Moroccan chickpea soup

Try something different for vegetarians with Moroccan chickpea soup

Difficulty and servings

Easy

Serves 4

Preparation and cooking times

Ready in 20-25 mins
Vegetarian Freezable

Vegetarian, Super healthy

  1. Video tutorial: Making soup

Method

  1. Heat the oil in a large saucepan, then fry the onion and celery gently for 10 mins until softened, stirring frequently. Tip in the cumin and fry for another min.
  2. Turn up the heat, then add the stock, tomatoes and chickpeas, plus a good grind of black pepper. Simmer for 8 mins.
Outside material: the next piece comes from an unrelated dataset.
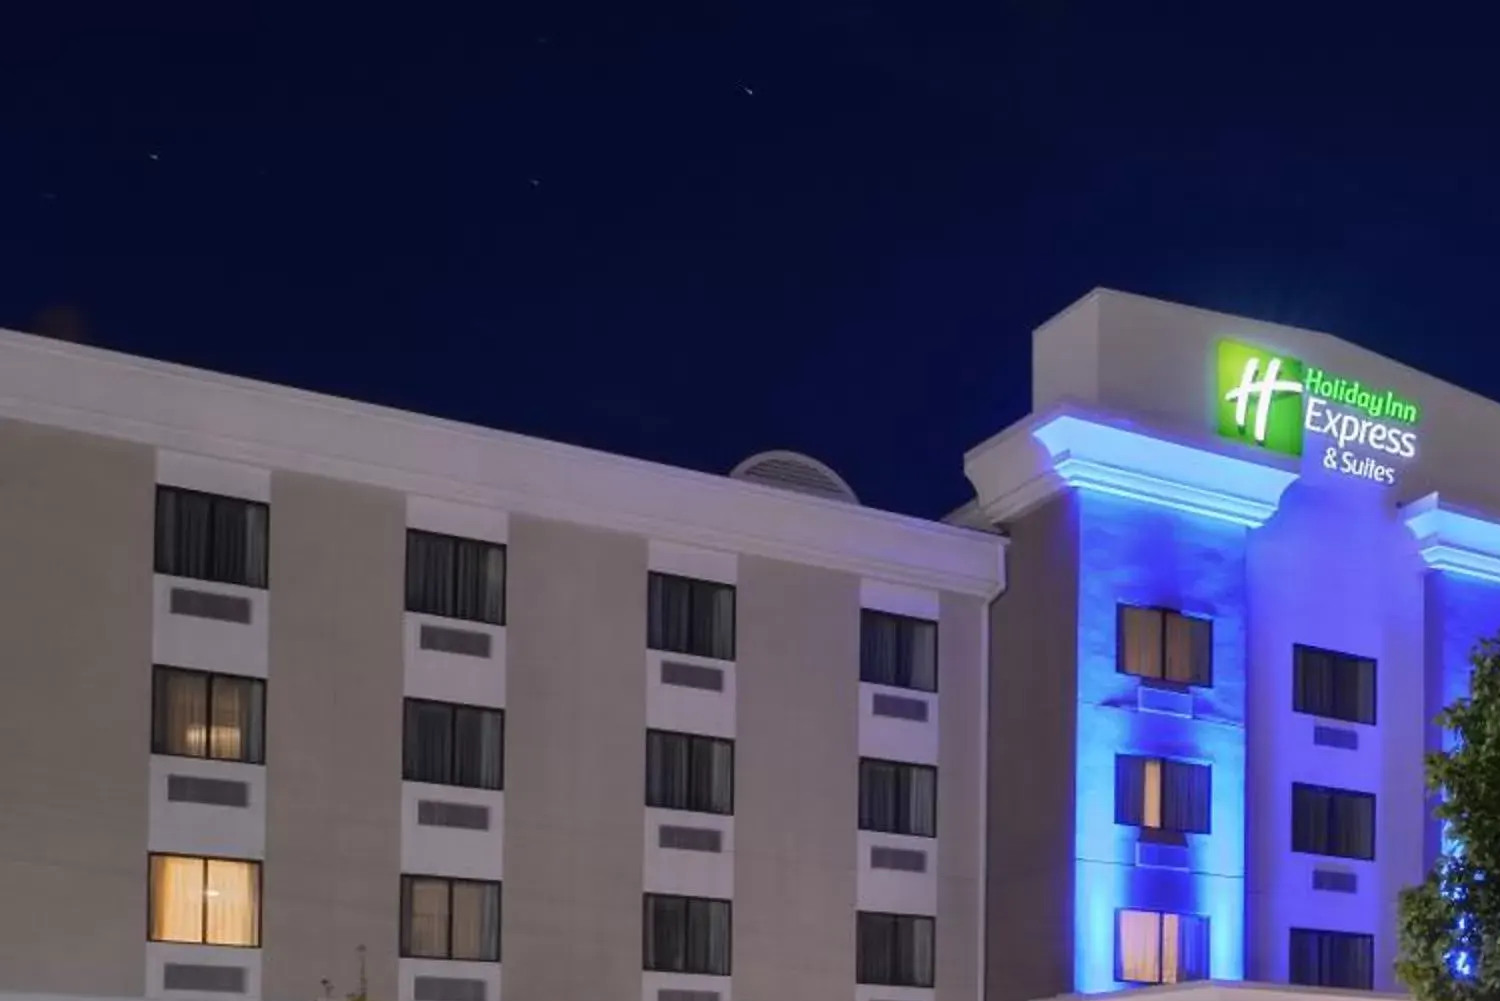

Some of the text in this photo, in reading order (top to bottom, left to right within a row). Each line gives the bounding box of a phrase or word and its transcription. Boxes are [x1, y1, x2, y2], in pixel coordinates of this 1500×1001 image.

[1304, 367, 1417, 422] Holiday Inn
[1304, 396, 1417, 458] Express
[1323, 447, 1396, 484] & Suites
Throw in broad beans and lemon juice, cook for a further 2 mins. Season to taste, then top with a sprinkling of lemon zest and chopped herbs. Serve with flatbread.
Try

Spicing it up

Spice it up further with a spoonful of harissa paste. Curry lovers can swap the cumin for 1 tsp of garam marsala. Or for a more hearty dish, fry 4 sliced chorizo sausages along with the onions and celery.

Per serving

148 kcalories, protein 9g, carbohydrate 17g, fat 5 g, saturated fat 1g, fibre 6g, salt 1.07 g

Recipe from Good Food magazine, February 2005.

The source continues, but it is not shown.